Stored data
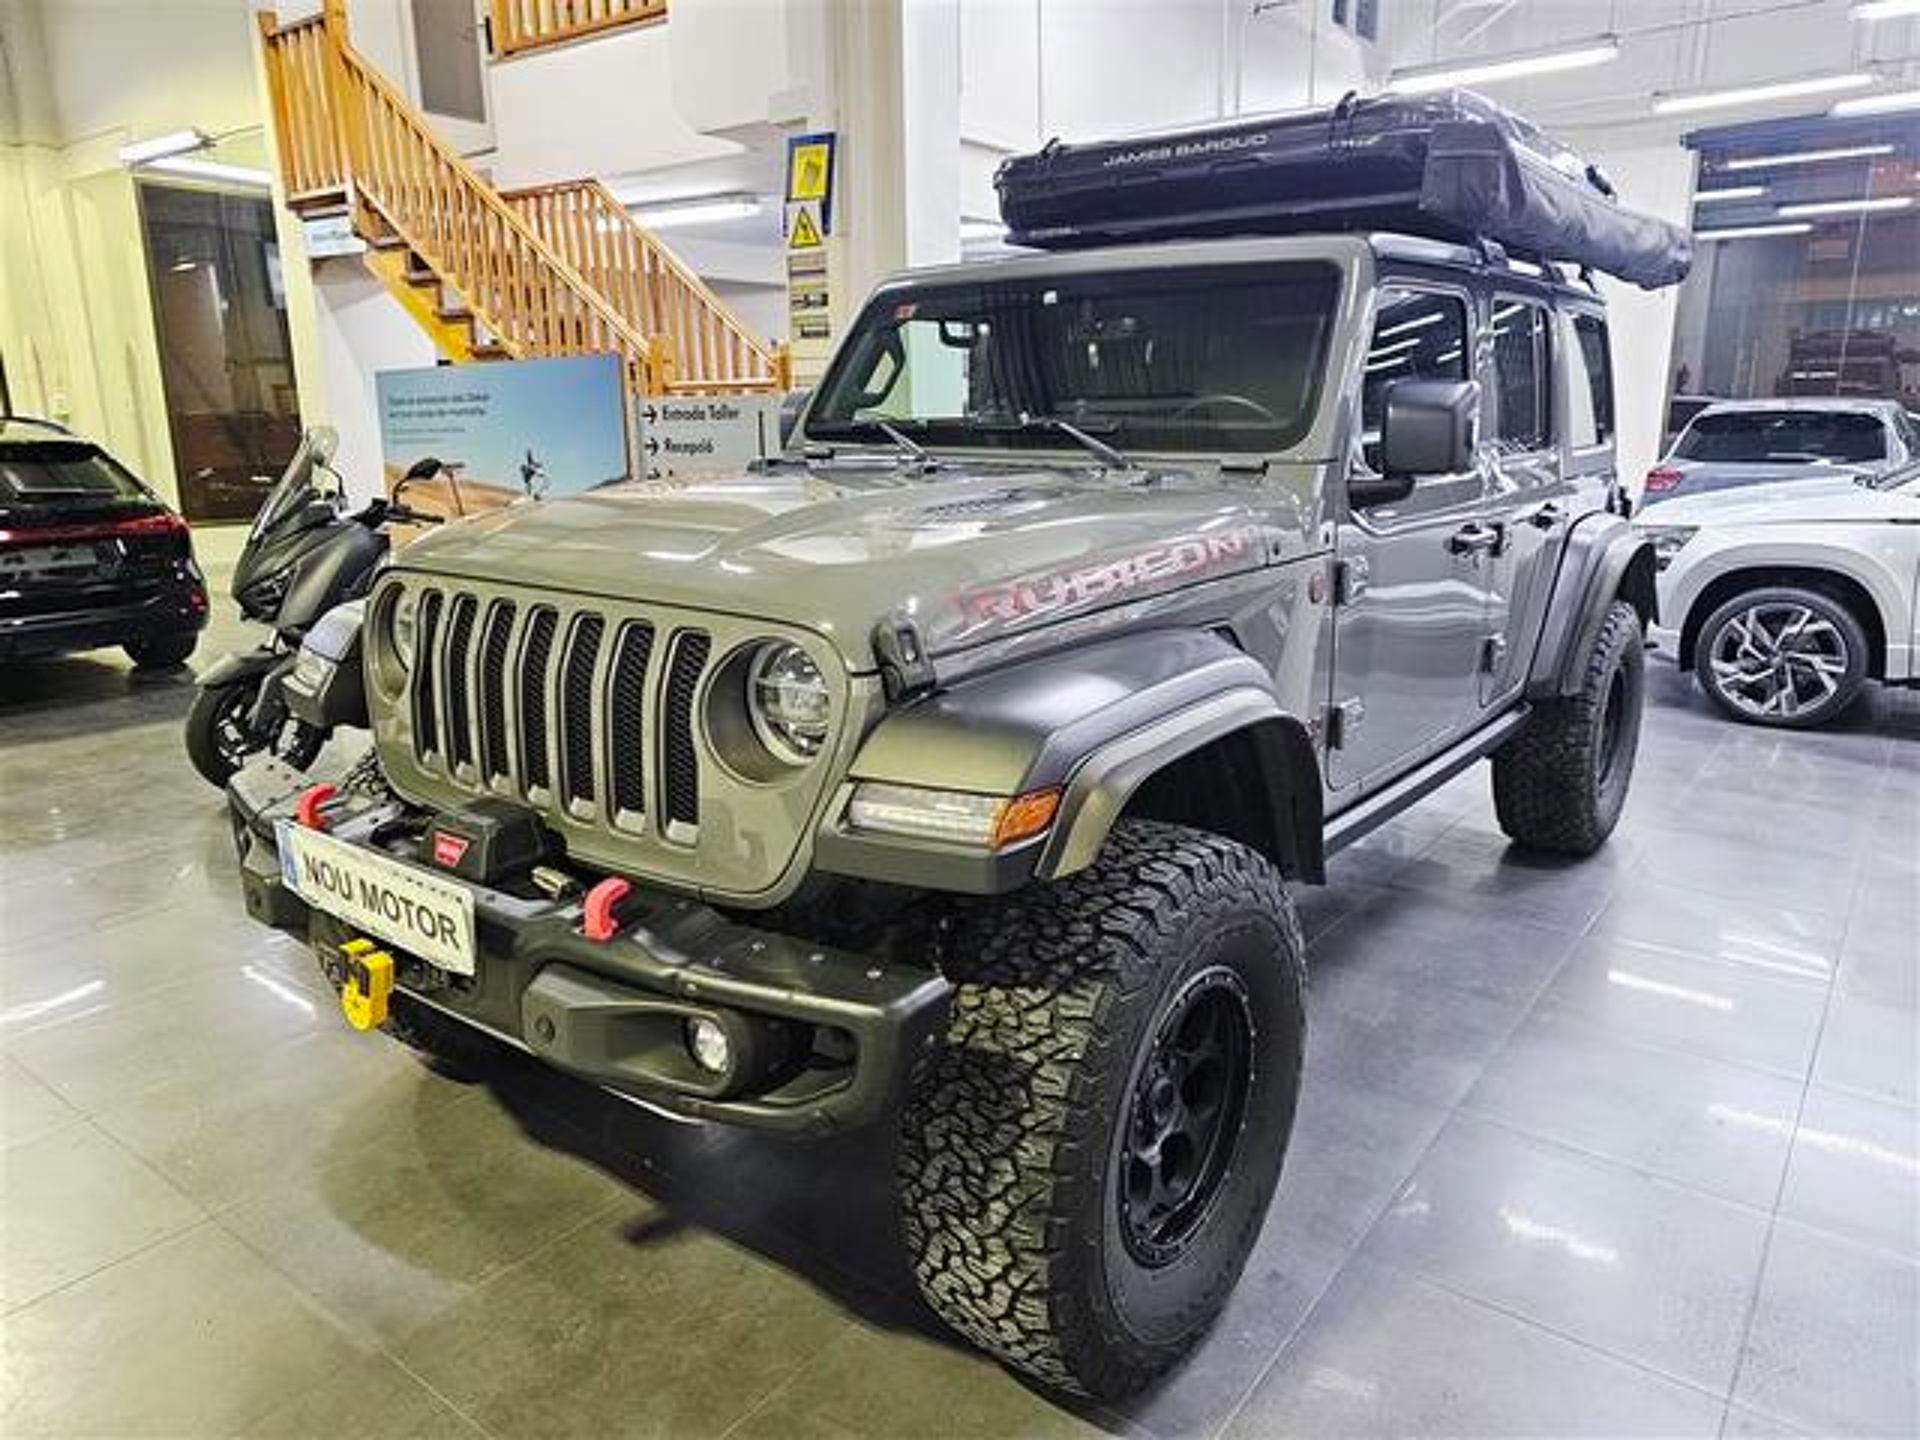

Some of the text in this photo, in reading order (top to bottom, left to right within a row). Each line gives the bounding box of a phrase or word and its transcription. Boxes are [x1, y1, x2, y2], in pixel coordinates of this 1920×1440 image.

[1103, 134, 1267, 167] JAMES BAROUD
[663, 404, 739, 420] Entrada Taller
[950, 533, 1249, 626] RUBICON
[303, 853, 351, 900] NOU
[360, 880, 460, 949] MOTOR
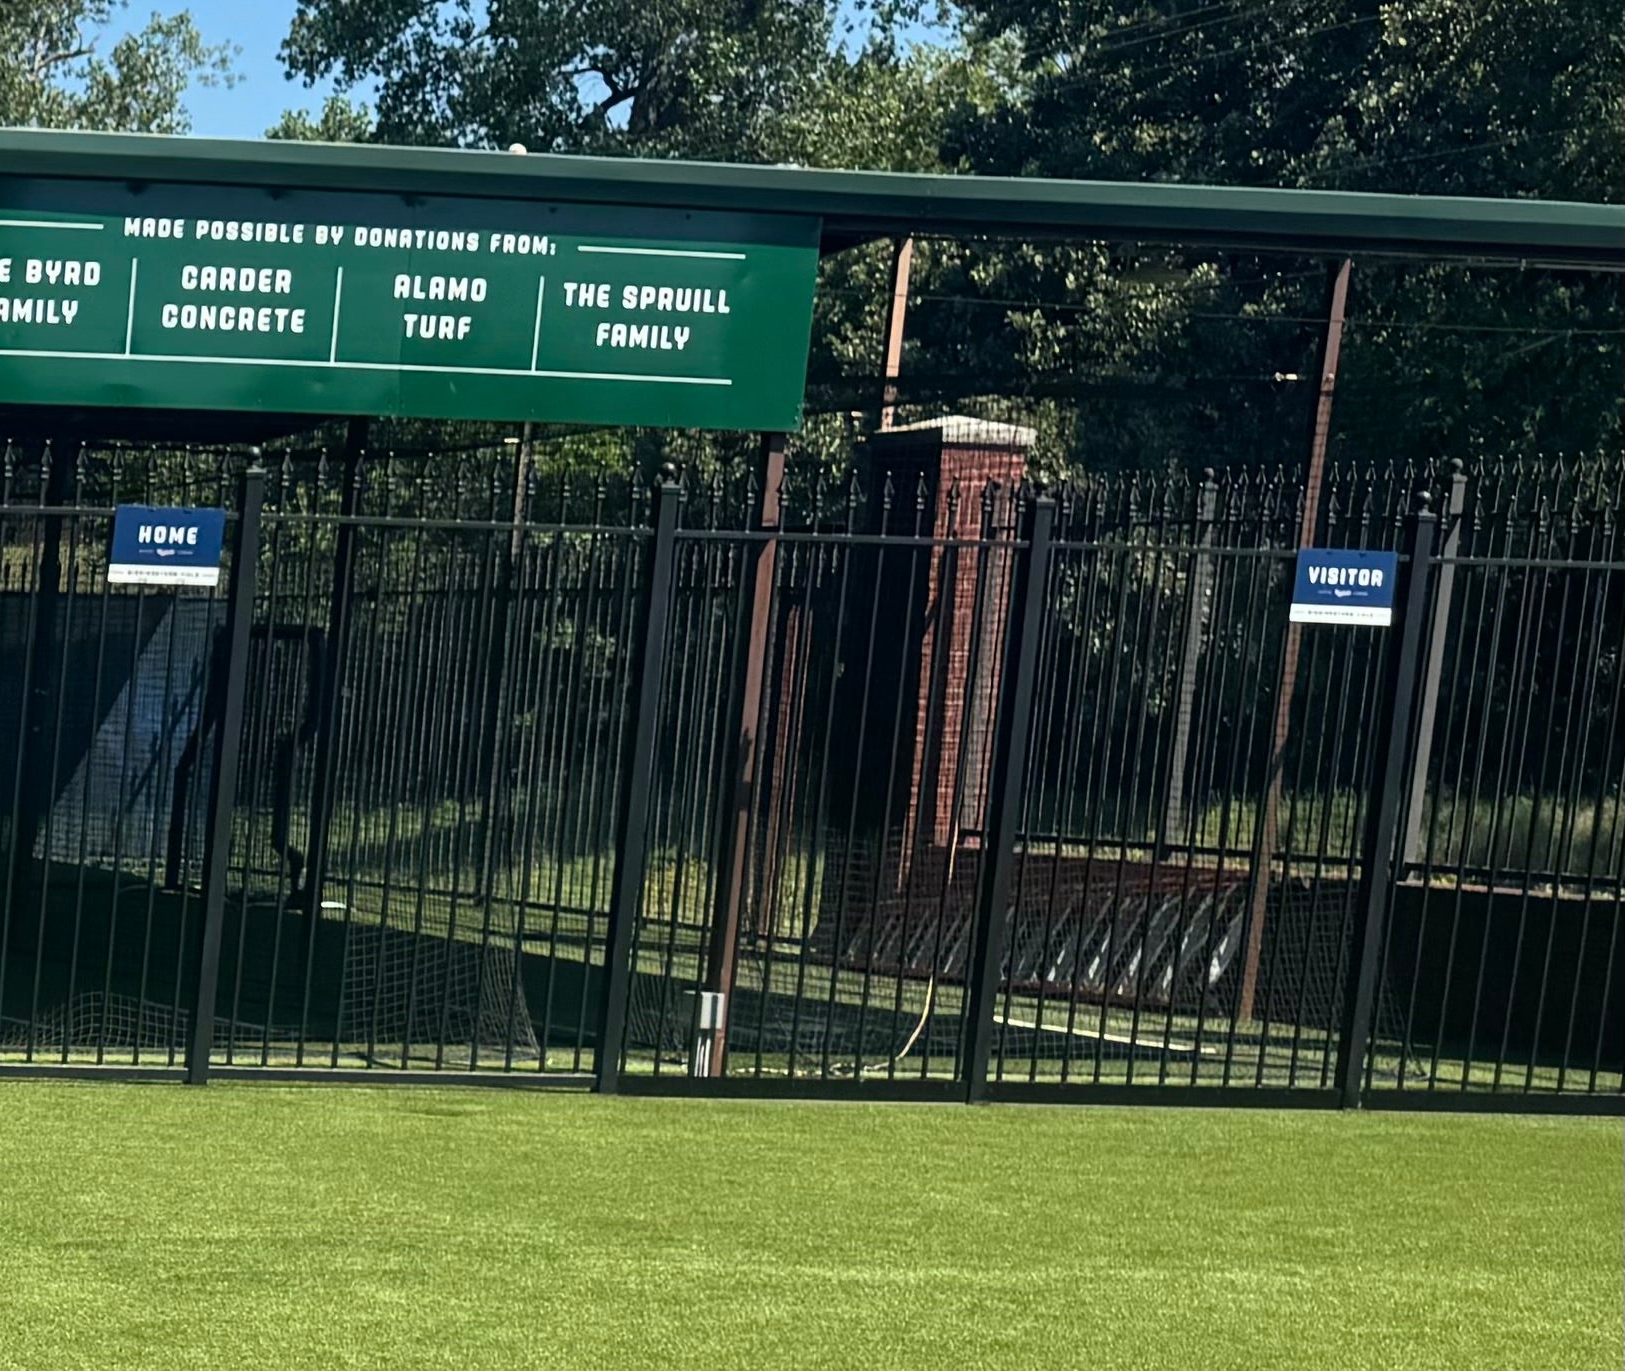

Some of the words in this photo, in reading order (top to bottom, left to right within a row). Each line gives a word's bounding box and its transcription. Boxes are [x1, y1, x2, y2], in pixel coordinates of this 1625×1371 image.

[123, 217, 185, 239] MADE
[195, 219, 305, 243] POSSIBLE
[315, 225, 344, 246] BY
[354, 226, 480, 252] DONATIONS
[489, 233, 556, 256] FROM:
[25, 258, 101, 286] BYRD
[181, 265, 292, 294] CARDER
[393, 274, 488, 302] ALAMO
[563, 282, 611, 309] THE
[621, 285, 731, 314] SPRUILL
[161, 303, 306, 334] CONCRETE
[403, 313, 472, 340] TURF
[596, 322, 690, 351] FAMILY
[138, 525, 199, 545] HOME
[1308, 566, 1384, 588] VISITOR
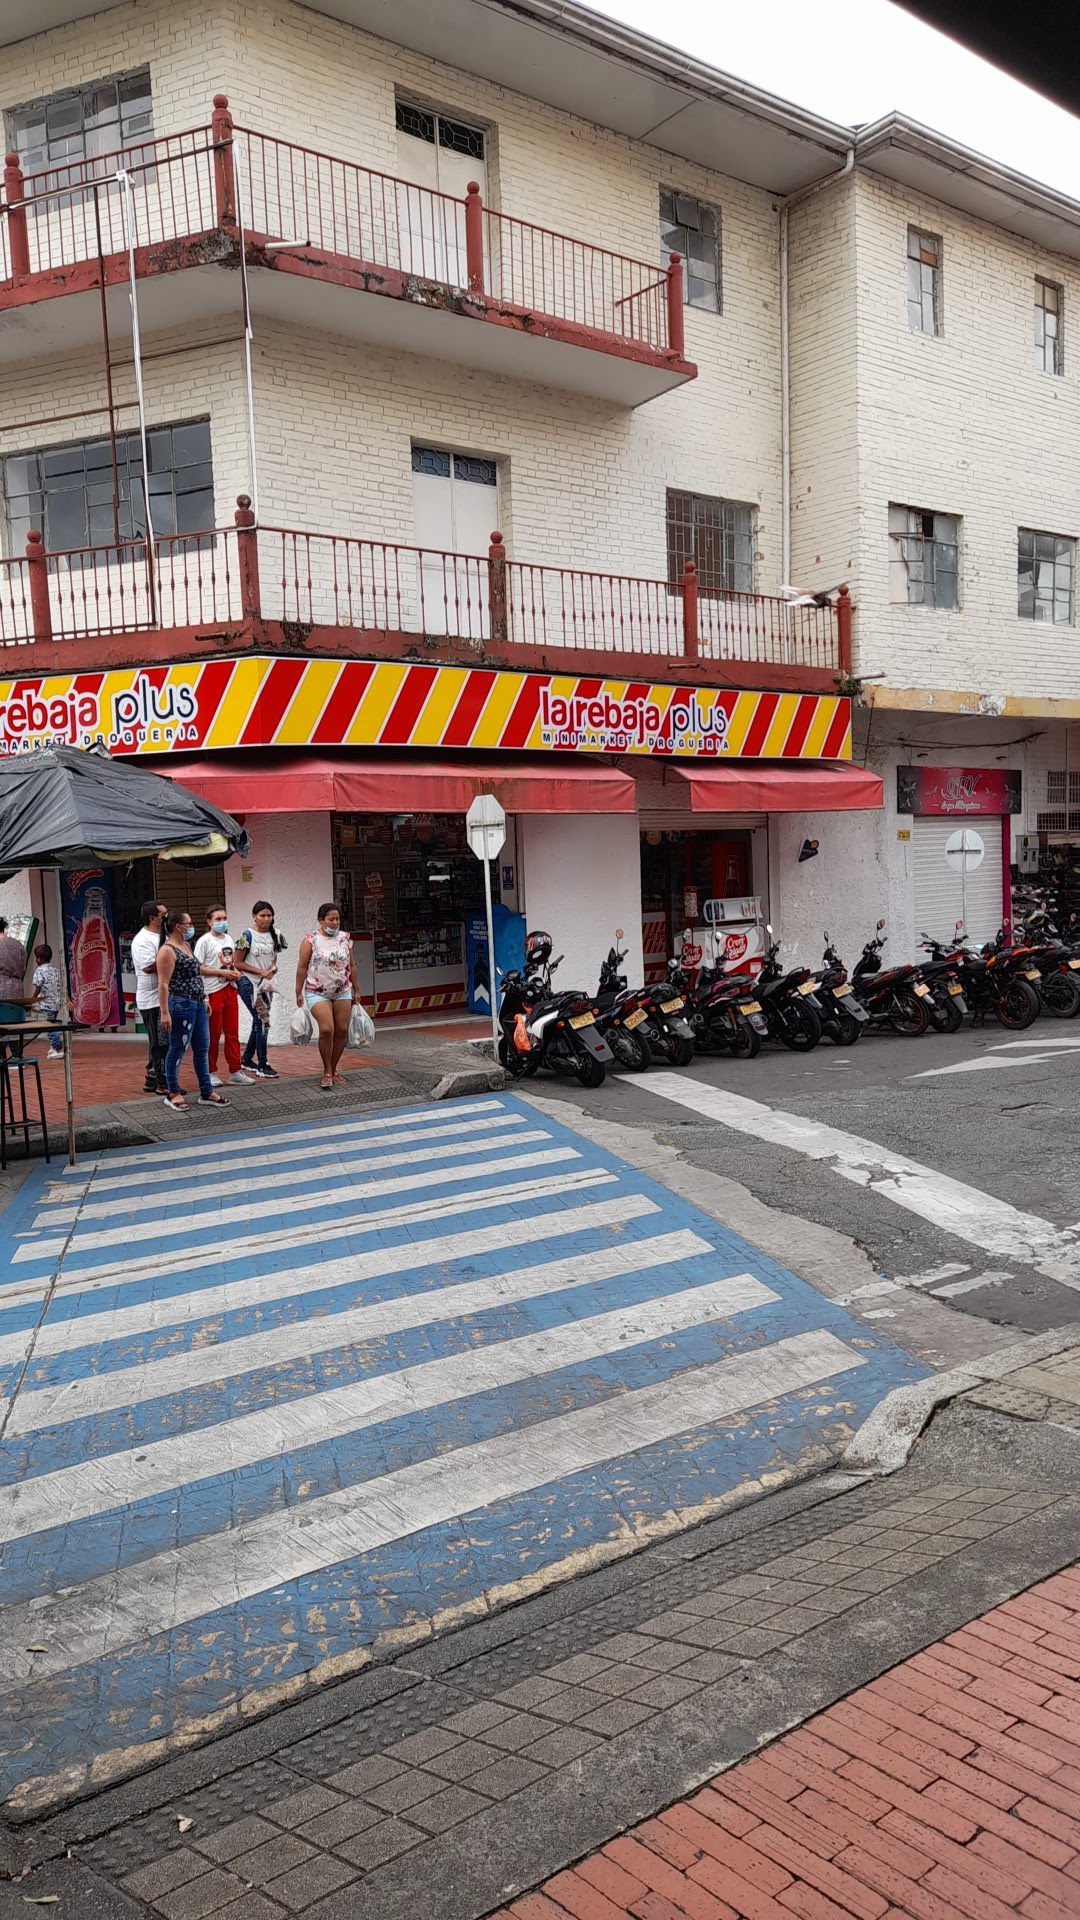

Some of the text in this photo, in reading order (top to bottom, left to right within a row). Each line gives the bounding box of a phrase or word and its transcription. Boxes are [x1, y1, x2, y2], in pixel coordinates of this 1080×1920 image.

--- EXERCISE ---
Give back every record above word for word, dropping pictures.

--- EXERCISE ANSWER ---
Some of the text in this photo, in reading order (top to bottom, left to right within a row). Each line gives the bounding box of a phrase or word and its transcription. Boxes are [x1, y1, x2, y2], in pixel coordinates of this 1920×1440 image.

[1103, 134, 1267, 167] JAMES BAROUD
[663, 404, 739, 420] Entrada Taller
[950, 533, 1249, 626] RUBICON
[303, 853, 351, 900] NOU
[360, 880, 460, 949] MOTOR

Some of the words in this photo, in reading order (top to bottom, left to right within a row). Each line gives a word's bounding box and its transcription. Boxes are [x1, y1, x2, y2], in pixel coordinates of this 1625×1371 image.

[123, 217, 185, 239] MADE
[195, 219, 305, 243] POSSIBLE
[315, 225, 344, 246] BY
[354, 226, 480, 252] DONATIONS
[489, 233, 556, 256] FROM:
[25, 258, 101, 286] BYRD
[181, 265, 292, 294] CARDER
[393, 274, 488, 302] ALAMO
[563, 282, 611, 309] THE
[621, 285, 731, 314] SPRUILL
[161, 303, 306, 334] CONCRETE
[403, 313, 472, 340] TURF
[596, 322, 690, 351] FAMILY
[138, 525, 199, 545] HOME
[1308, 566, 1384, 588] VISITOR

Some of the text in this photo, in reading order (top to bottom, left to right within a row). Each line gives the bounding box of a phrase or word and its transcription. Boxes are [x1, y1, x2, y2], in pixel coordinates of this 1080×1920 image.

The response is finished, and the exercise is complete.